All records that follow are to be copied exactly, with images omitted.

══ Exercise data

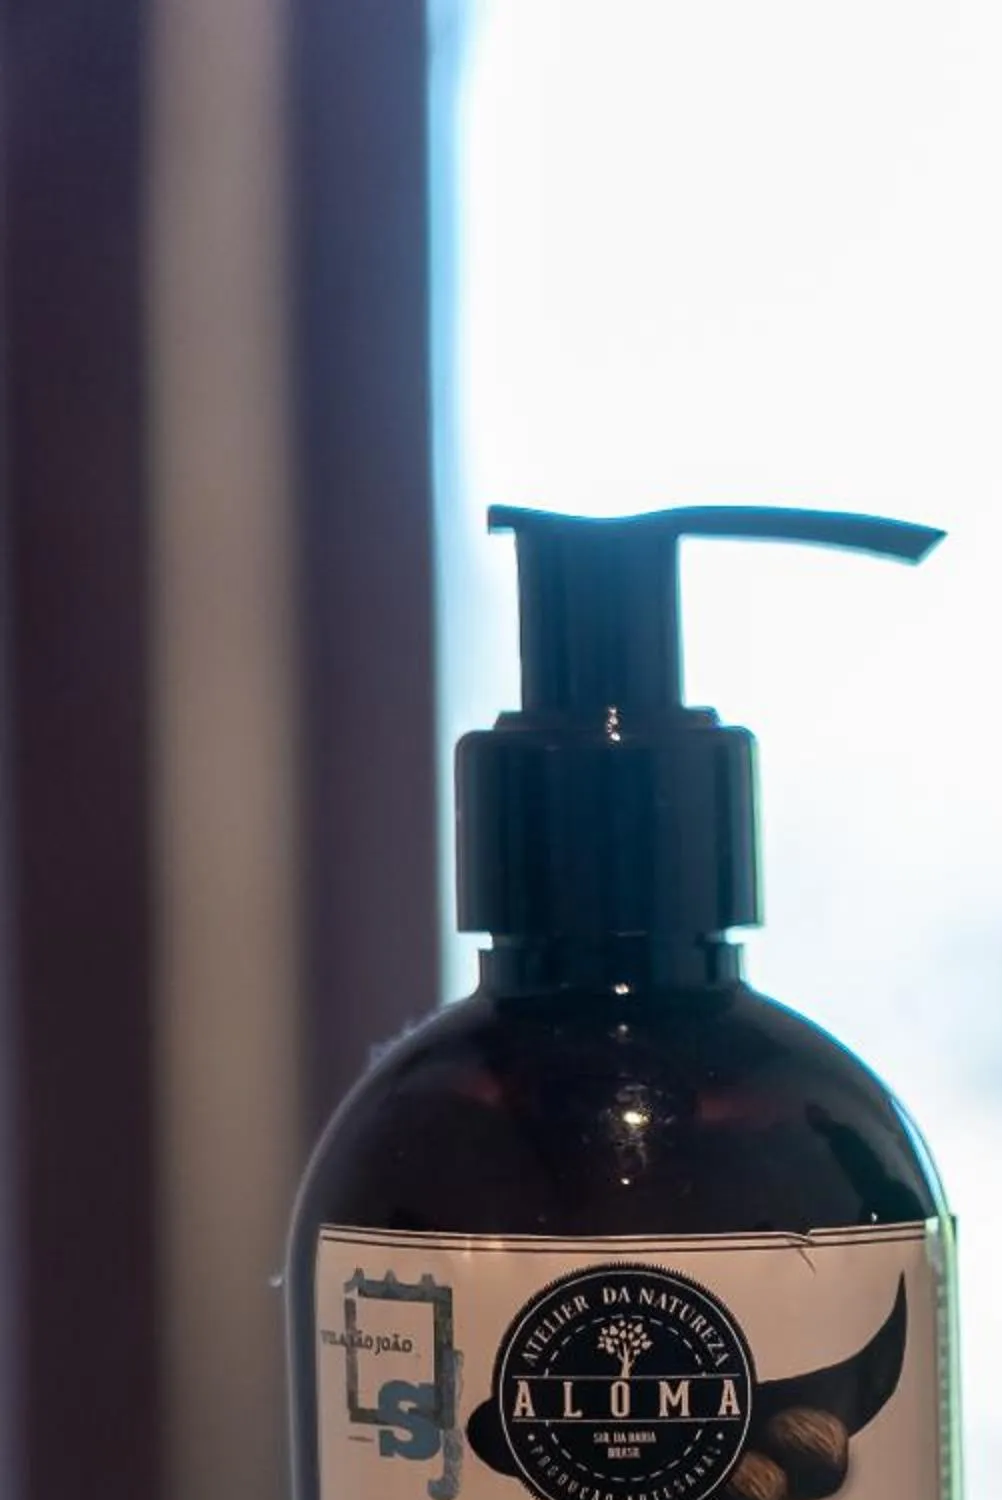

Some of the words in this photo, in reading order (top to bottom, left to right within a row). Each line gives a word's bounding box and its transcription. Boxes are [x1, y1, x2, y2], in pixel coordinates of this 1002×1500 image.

[521, 1295, 590, 1367] ATELIER
[602, 1286, 631, 1305] DA
[639, 1287, 730, 1367] NATUREZA
[512, 1379, 741, 1419] ALOMA

════

- Result of this exercise
Some of the words in this photo, in reading order (top to bottom, left to right within a row). Each line gives a word's bounding box and its transcription. Boxes are [x1, y1, x2, y2], in pixel coordinates of this 1002×1500 image.

[521, 1295, 590, 1367] ATELIER
[602, 1286, 631, 1305] DA
[639, 1287, 730, 1367] NATUREZA
[512, 1379, 741, 1419] ALOMA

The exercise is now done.